To do: Each entry should be transcribed exactly as written, and any picture left out.

──────

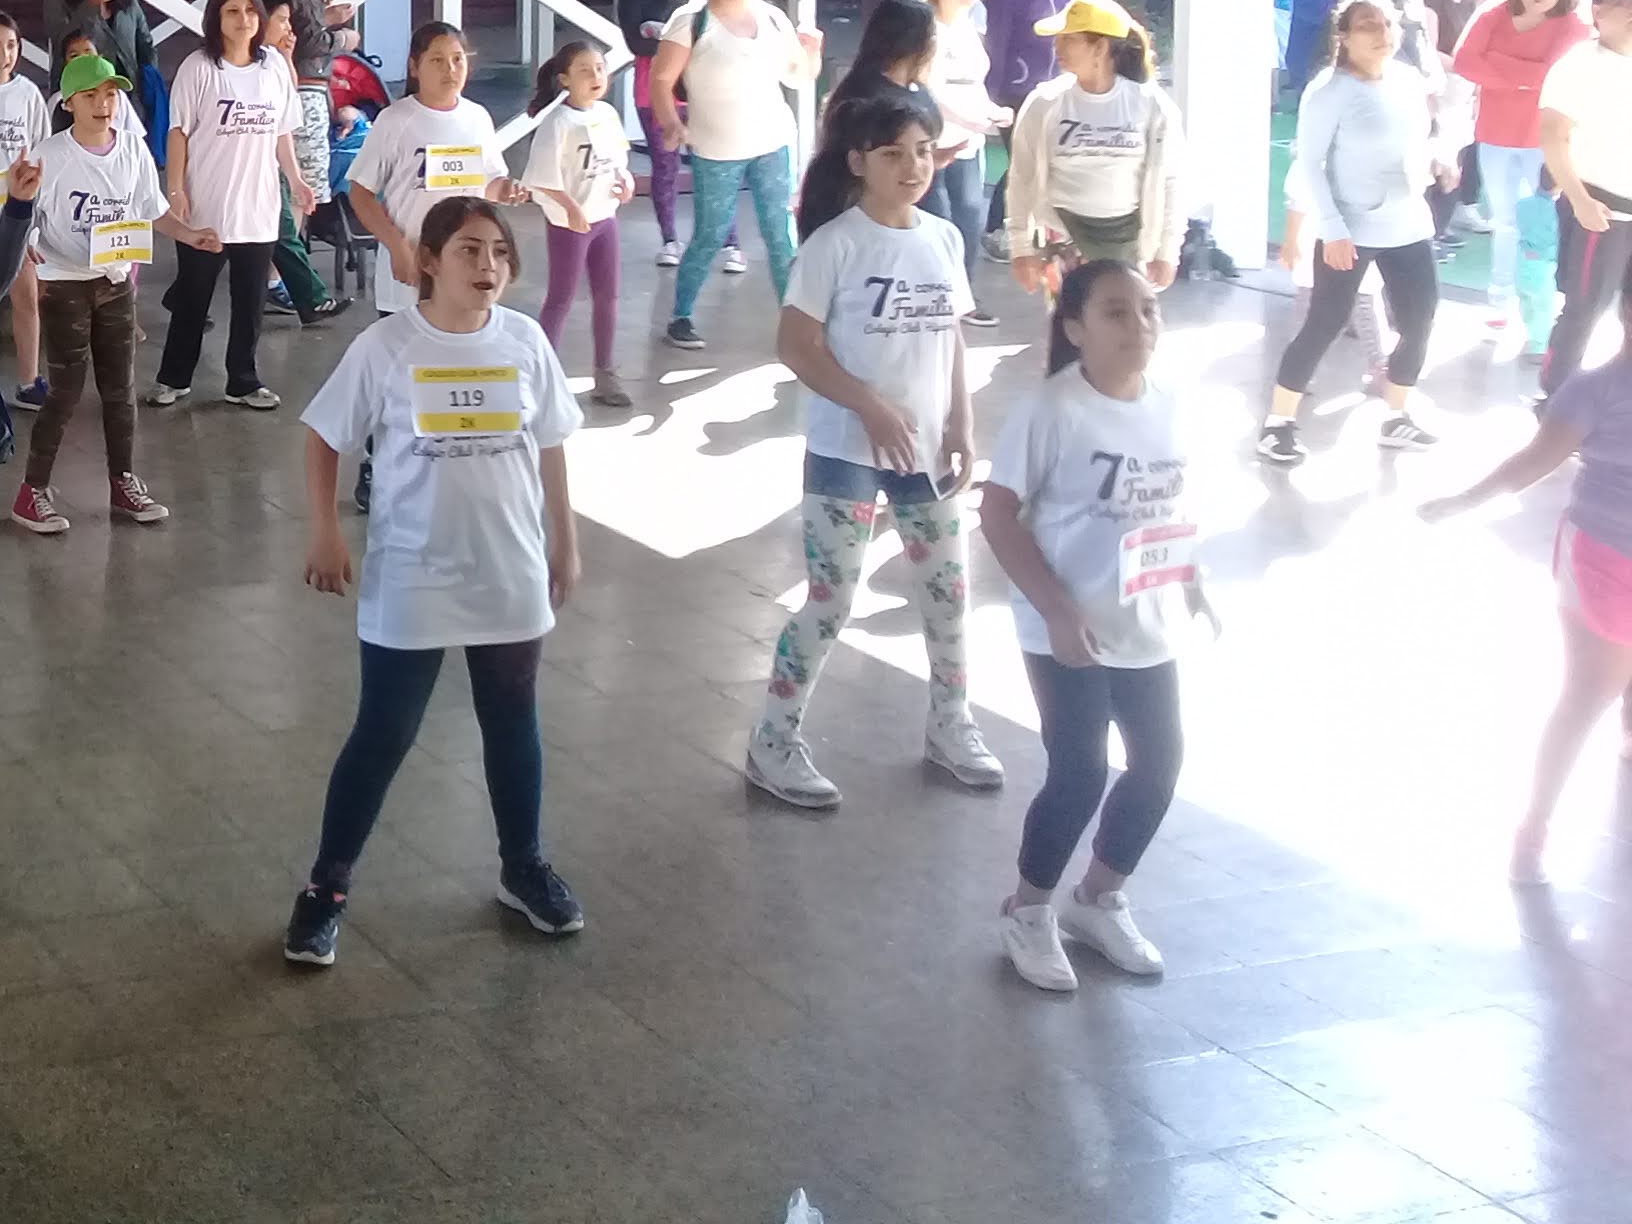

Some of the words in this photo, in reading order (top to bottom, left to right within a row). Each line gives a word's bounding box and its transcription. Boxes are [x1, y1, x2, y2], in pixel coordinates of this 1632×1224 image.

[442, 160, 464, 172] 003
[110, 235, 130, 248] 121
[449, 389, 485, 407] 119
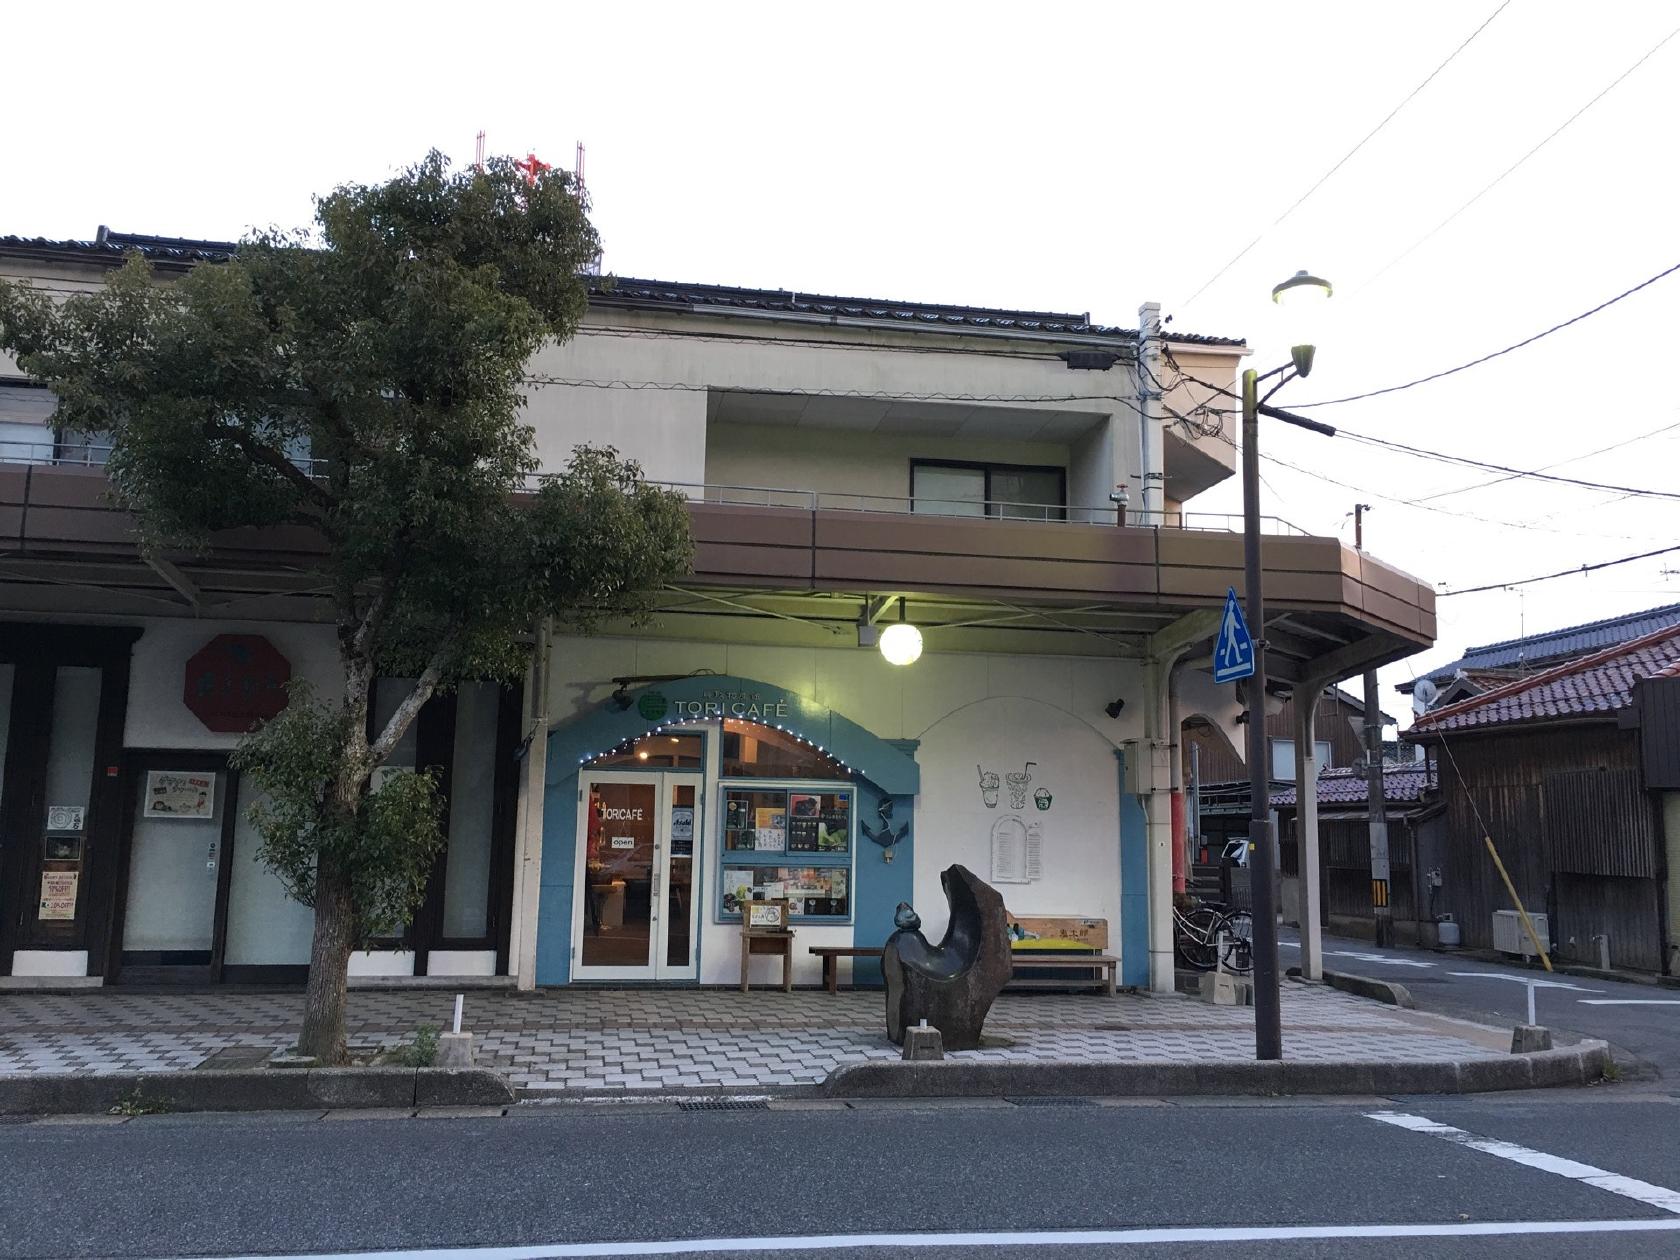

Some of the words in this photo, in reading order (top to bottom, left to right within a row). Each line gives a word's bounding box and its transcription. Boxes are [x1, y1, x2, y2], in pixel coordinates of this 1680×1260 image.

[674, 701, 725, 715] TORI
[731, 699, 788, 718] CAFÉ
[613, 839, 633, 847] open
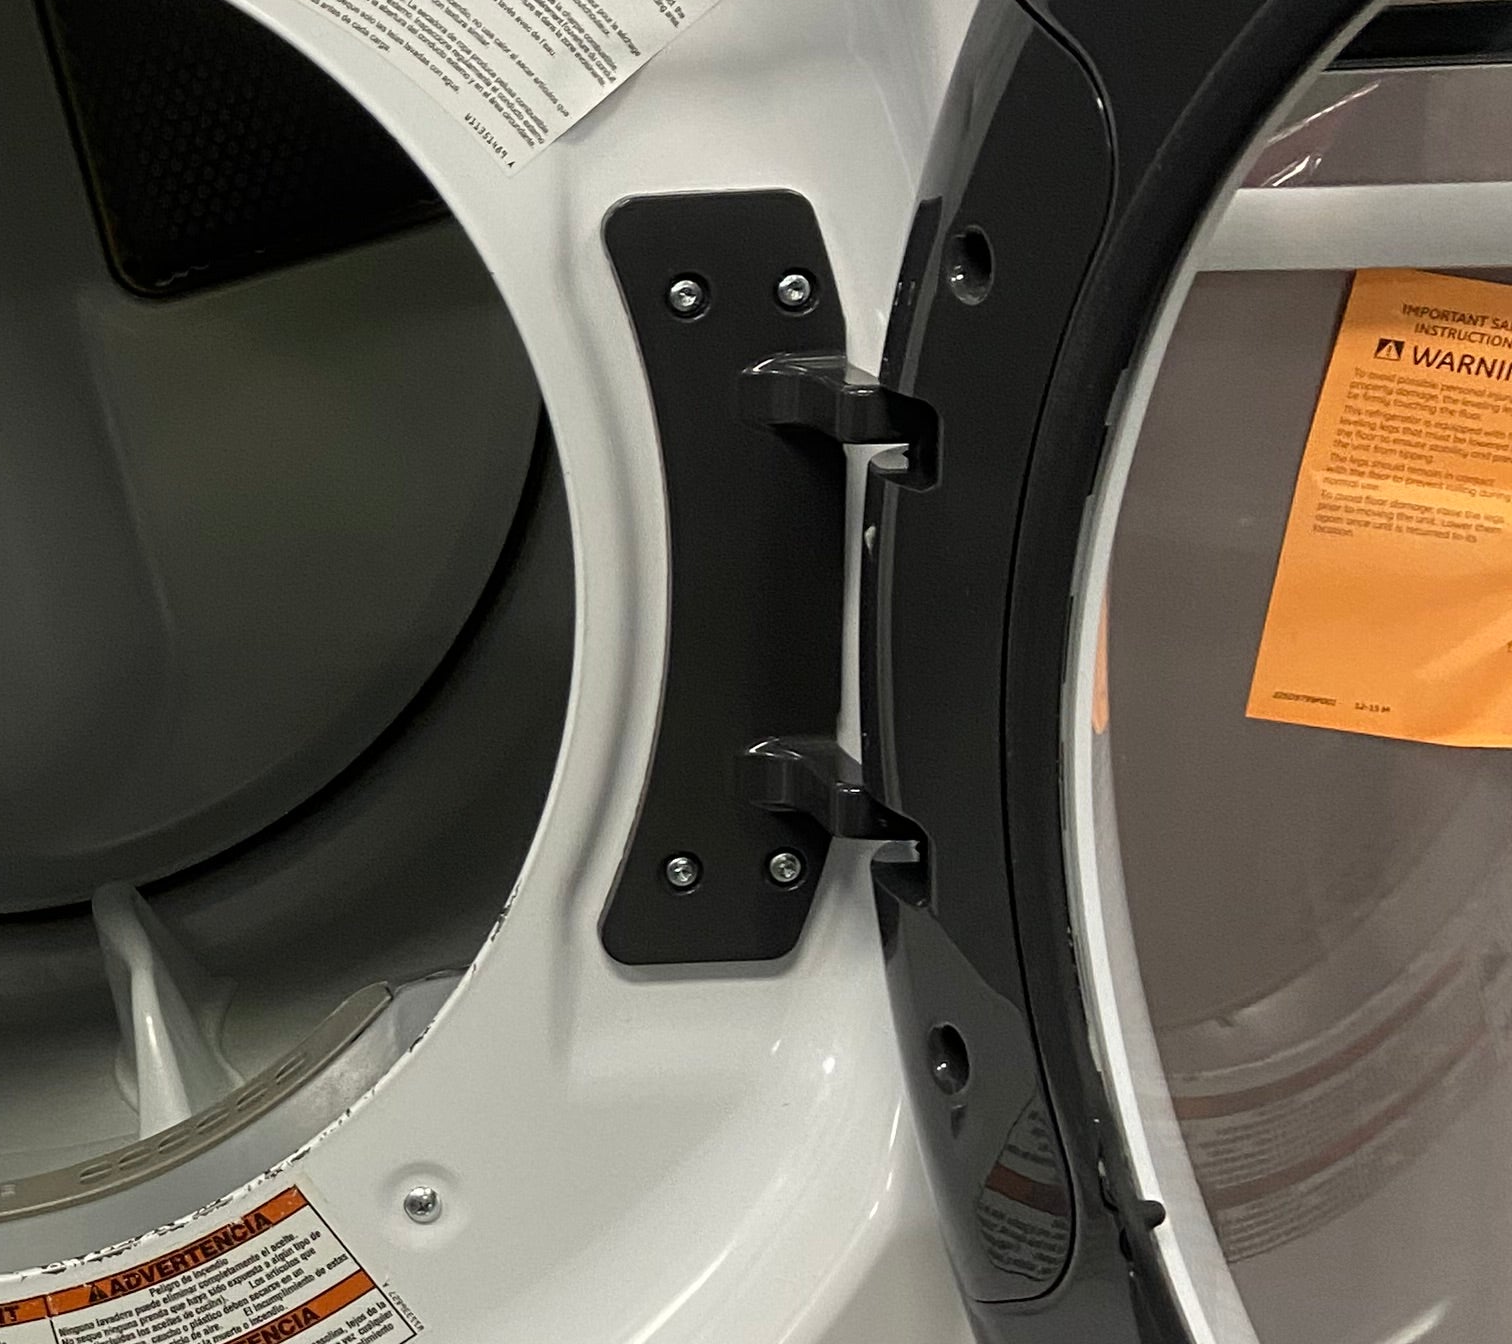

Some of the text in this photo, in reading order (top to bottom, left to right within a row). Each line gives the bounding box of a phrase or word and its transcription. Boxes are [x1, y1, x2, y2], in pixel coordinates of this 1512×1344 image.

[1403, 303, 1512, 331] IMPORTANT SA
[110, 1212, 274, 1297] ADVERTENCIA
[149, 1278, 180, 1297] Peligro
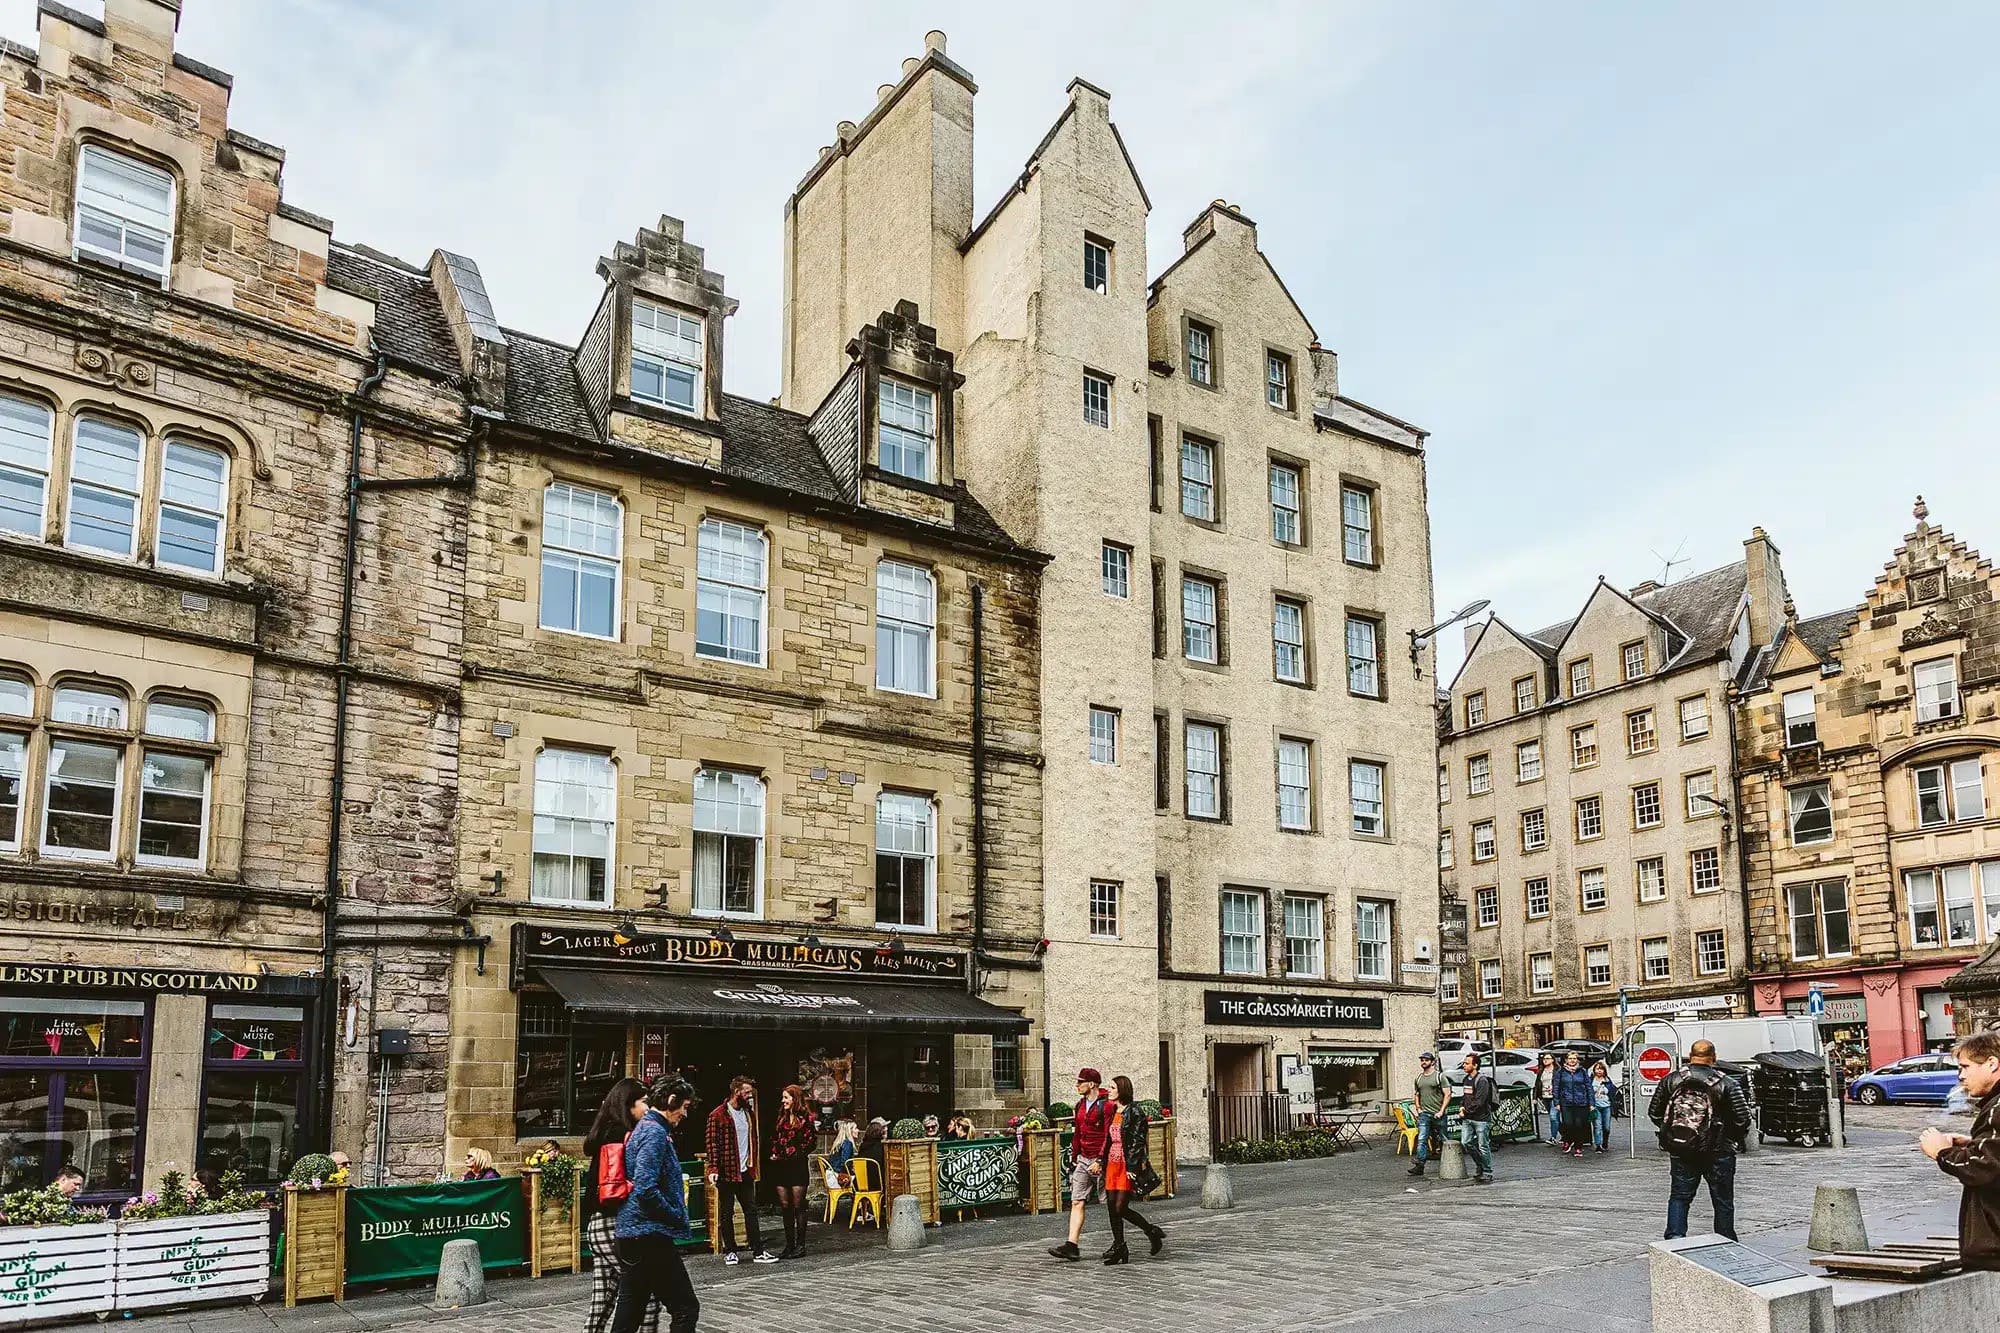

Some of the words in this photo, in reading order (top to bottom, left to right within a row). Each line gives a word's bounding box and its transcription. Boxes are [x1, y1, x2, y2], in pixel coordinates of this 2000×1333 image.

──────

Output below:
Some of the words in this photo, in reading order (top to bottom, left to right within a row). Each line gives a word's bounding box and its transcription. Boxes are [x1, y1, x2, y2], in pixel coordinates of this 1632×1224 image.

[442, 160, 464, 172] 003
[110, 235, 130, 248] 121
[449, 389, 485, 407] 119

Some of the words in this photo, in reading order (top to bottom, left to right within a row). Each line gives a word's bounding box and its transcription. Boxes are [x1, y1, x2, y2], in pixel coordinates of this 1680×1260 image.

[674, 701, 725, 715] TORI
[731, 699, 788, 718] CAFÉ
[613, 839, 633, 847] open

Some of the text in this photo, in reading order (top to bottom, left to right within a row). Each line gives the bounding box of a phrase or word and its transcription. Boxes are [x1, y1, x2, y2], in pixel coordinates of this 1512×1344 image.

[1403, 303, 1512, 331] IMPORTANT SA
[110, 1212, 274, 1297] ADVERTENCIA
[149, 1278, 180, 1297] Peligro

Some of the words in this photo, in reading order (top to bottom, left to right within a row). Each line gives a word's bounding box and its transcription. Boxes are [x1, y1, x2, y2], in pixel coordinates of this 2000×1333 image.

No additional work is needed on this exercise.